__LISTED RECORDS__:
-----
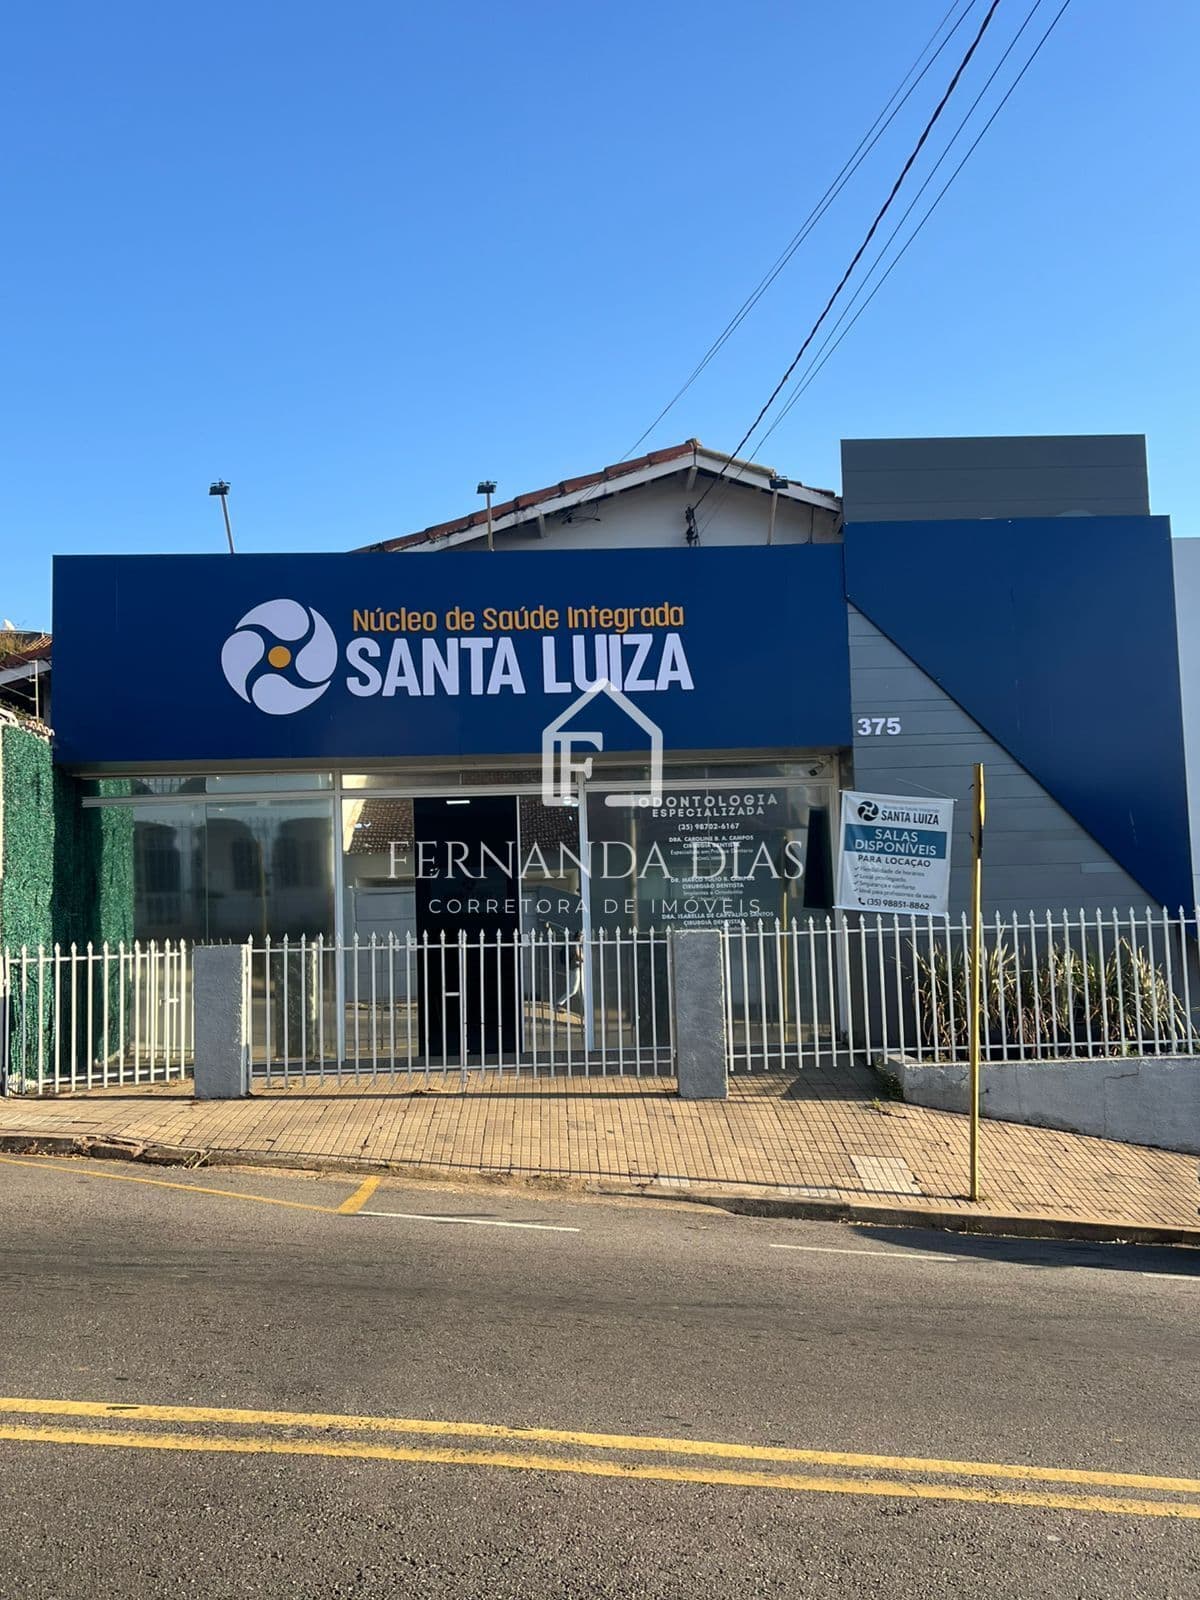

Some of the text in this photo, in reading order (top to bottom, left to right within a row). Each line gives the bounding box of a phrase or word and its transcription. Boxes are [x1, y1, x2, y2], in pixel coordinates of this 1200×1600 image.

[353, 602, 684, 633] Núcleo de Saúde Integrada
[346, 632, 695, 697] SANTA LUIZA
[857, 717, 901, 736] 375
[639, 794, 778, 808] ODONTOLOGIA
[652, 806, 765, 818] ESPECIALIZADA
[881, 810, 939, 825] SANTA LUIZA
[875, 828, 918, 843] SALAS
[855, 839, 936, 856] DISPONÍVEIS
[858, 854, 882, 863] PARA
[867, 898, 881, 907] (35)
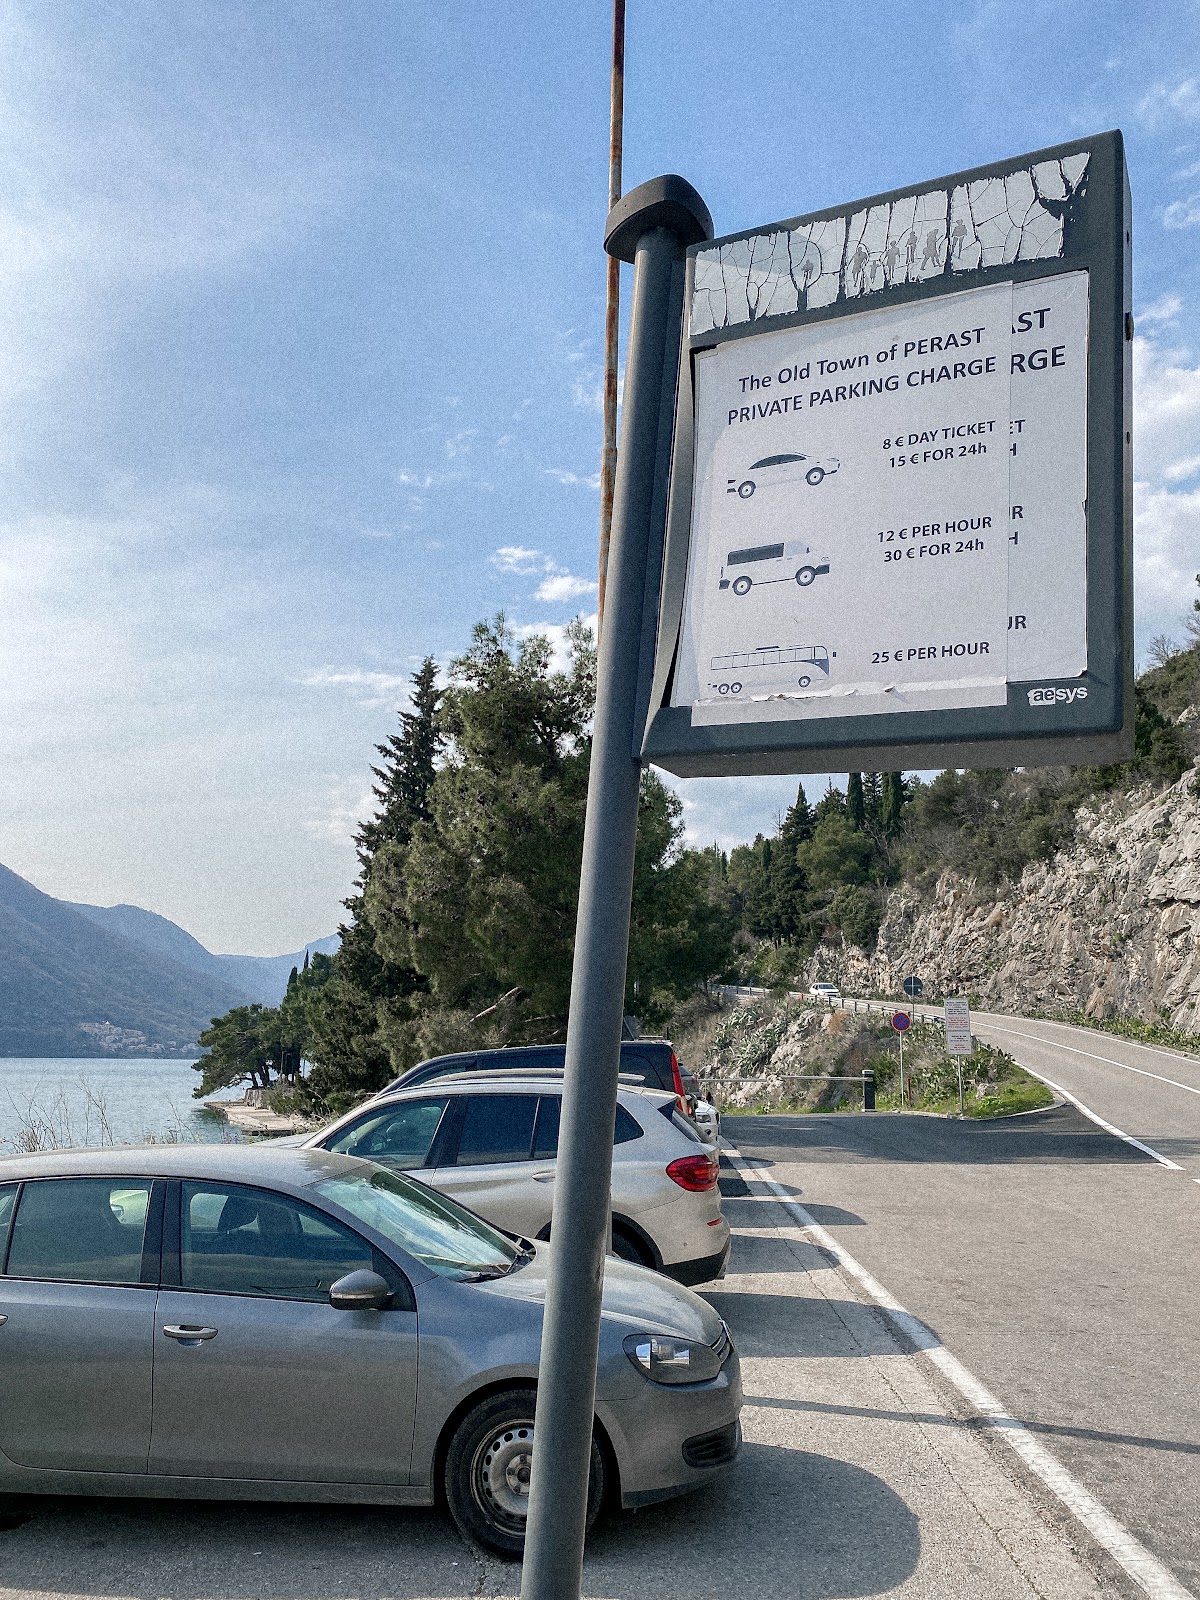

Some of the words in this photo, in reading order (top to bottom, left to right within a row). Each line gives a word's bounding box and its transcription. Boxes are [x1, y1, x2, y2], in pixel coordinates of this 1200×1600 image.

[1011, 307, 1051, 335] ST
[738, 374, 772, 393] The
[777, 363, 811, 384] Old
[816, 354, 869, 376] Town
[876, 343, 898, 363] of
[904, 327, 986, 358] PERAST
[1010, 344, 1066, 375] RGE
[728, 394, 803, 426] PRIVATE
[808, 373, 899, 407] PARKING
[906, 356, 996, 387] CHARGE
[882, 438, 892, 450] 8
[894, 436, 904, 448] €
[908, 429, 939, 446] DAY
[941, 420, 996, 440] TICKET
[889, 455, 906, 468] 15
[909, 453, 919, 465] €
[923, 447, 954, 463] FOR
[958, 442, 987, 457] 24h
[878, 530, 895, 543] 12
[898, 528, 908, 540] €
[912, 523, 941, 538] PER
[945, 516, 992, 534] HOUR
[884, 549, 902, 563] 30
[906, 547, 915, 559] €
[919, 542, 951, 558] FOR
[955, 538, 984, 553] 24h
[871, 651, 890, 664] 25
[893, 649, 903, 662] €
[907, 646, 937, 661] PER
[941, 641, 990, 658] HOUR
[1031, 687, 1088, 704] aesys
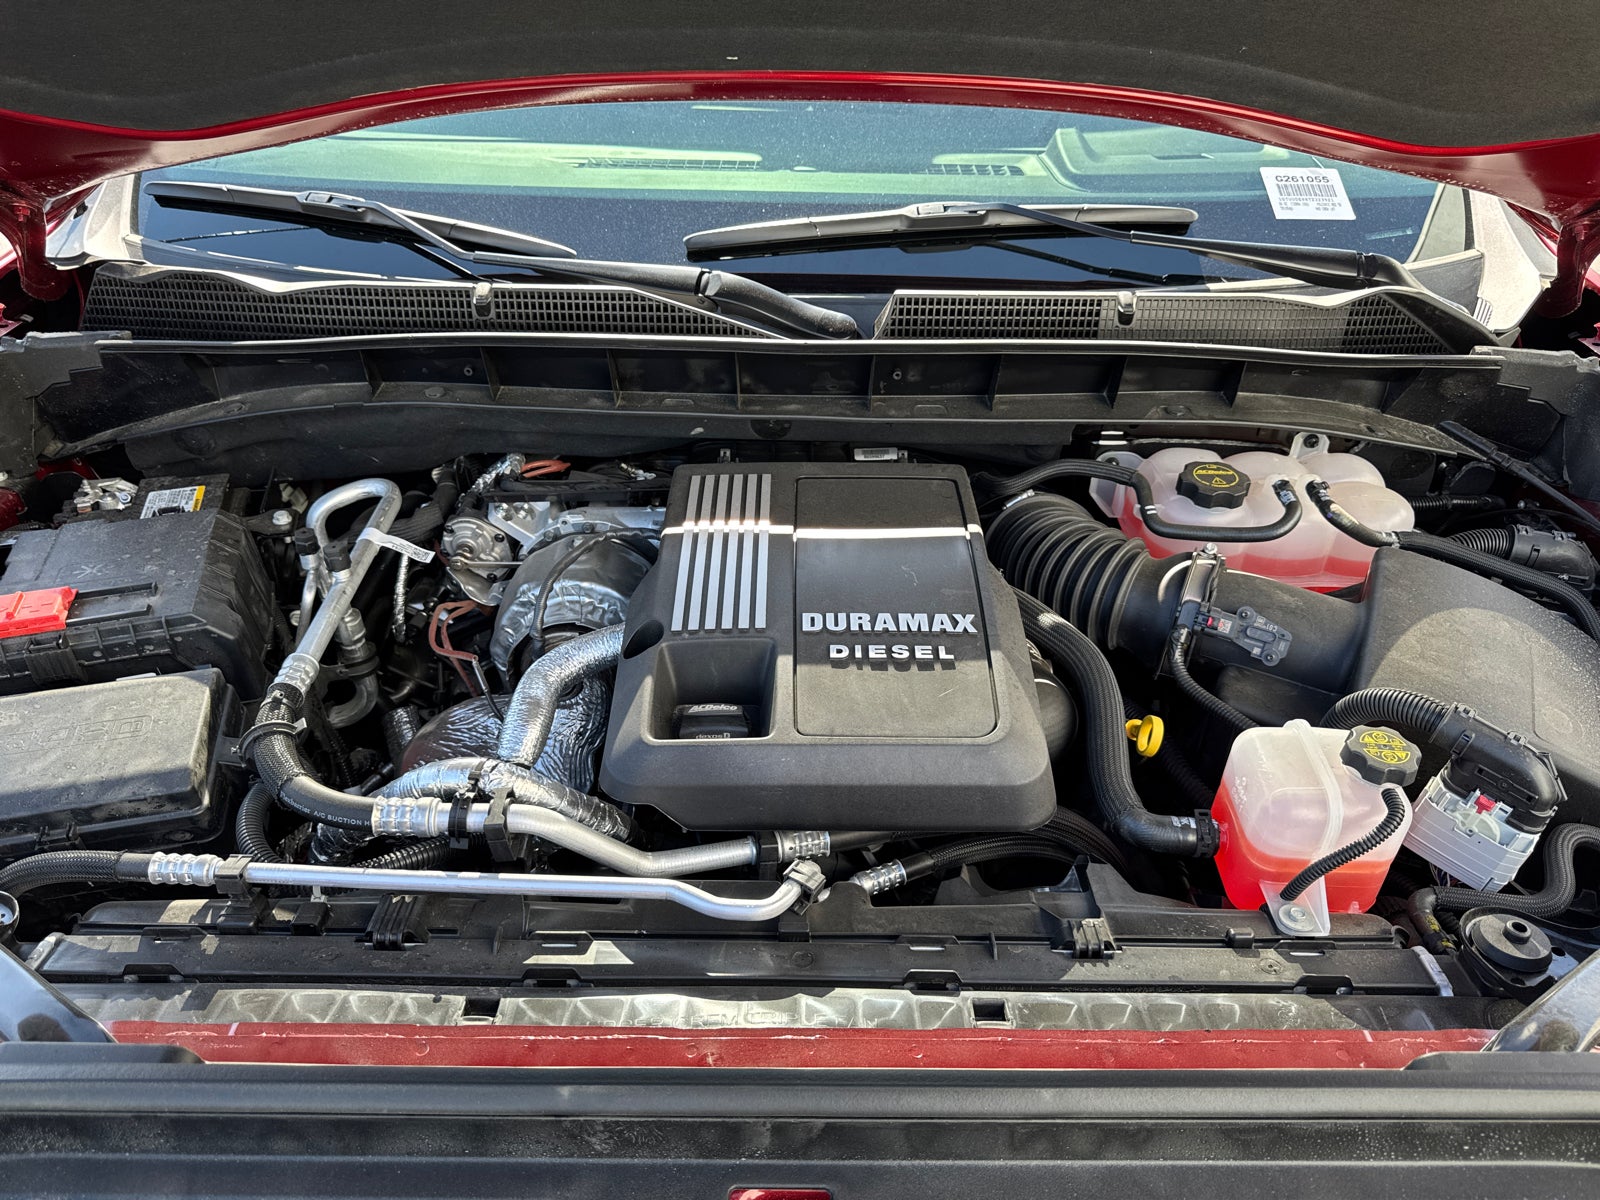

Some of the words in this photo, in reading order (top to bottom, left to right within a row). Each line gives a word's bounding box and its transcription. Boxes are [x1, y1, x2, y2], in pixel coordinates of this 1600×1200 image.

[1275, 175, 1330, 183] C261055
[802, 612, 978, 633] DURAMAX
[830, 644, 954, 660] DIESEL
[688, 704, 738, 713] ACDelco
[313, 810, 326, 819] A/C
[327, 814, 362, 826] SUCTION
-----
__TASK INSTRUCTIONS__:
Could you return all of the entries above exactly, without any images?

__RESULT OF THIS EXERCISE__:
Some of the text in this photo, in reading order (top to bottom, left to right within a row). Each line gives the bounding box of a phrase or word and its transcription. Boxes are [x1, y1, x2, y2], in pixel coordinates of this 1200×1600 image.

[353, 602, 684, 633] Núcleo de Saúde Integrada
[346, 632, 695, 697] SANTA LUIZA
[857, 717, 901, 736] 375
[639, 794, 778, 808] ODONTOLOGIA
[652, 806, 765, 818] ESPECIALIZADA
[881, 810, 939, 825] SANTA LUIZA
[875, 828, 918, 843] SALAS
[855, 839, 936, 856] DISPONÍVEIS
[858, 854, 882, 863] PARA
[867, 898, 881, 907] (35)

Some of the words in this photo, in reading order (top to bottom, left to right within a row). Each line gives a word's bounding box and its transcription. Boxes are [x1, y1, x2, y2], in pixel coordinates of this 1200×1600 image.

[1011, 307, 1051, 335] ST
[738, 374, 772, 393] The
[777, 363, 811, 384] Old
[816, 354, 869, 376] Town
[876, 343, 898, 363] of
[904, 327, 986, 358] PERAST
[1010, 344, 1066, 375] RGE
[728, 394, 803, 426] PRIVATE
[808, 373, 899, 407] PARKING
[906, 356, 996, 387] CHARGE
[882, 438, 892, 450] 8
[894, 436, 904, 448] €
[908, 429, 939, 446] DAY
[941, 420, 996, 440] TICKET
[889, 455, 906, 468] 15
[909, 453, 919, 465] €
[923, 447, 954, 463] FOR
[958, 442, 987, 457] 24h
[878, 530, 895, 543] 12
[898, 528, 908, 540] €
[912, 523, 941, 538] PER
[945, 516, 992, 534] HOUR
[884, 549, 902, 563] 30
[906, 547, 915, 559] €
[919, 542, 951, 558] FOR
[955, 538, 984, 553] 24h
[871, 651, 890, 664] 25
[893, 649, 903, 662] €
[907, 646, 937, 661] PER
[941, 641, 990, 658] HOUR
[1031, 687, 1088, 704] aesys

Some of the words in this photo, in reading order (top to bottom, left to right within a row). Each line gives a word's bounding box and its transcription. Boxes are [x1, y1, x2, y2], in pixel coordinates of this 1600×1200 image.

[1275, 175, 1330, 183] C261055
[802, 612, 978, 633] DURAMAX
[830, 644, 954, 660] DIESEL
[688, 704, 738, 713] ACDelco
[313, 810, 326, 819] A/C
[327, 814, 362, 826] SUCTION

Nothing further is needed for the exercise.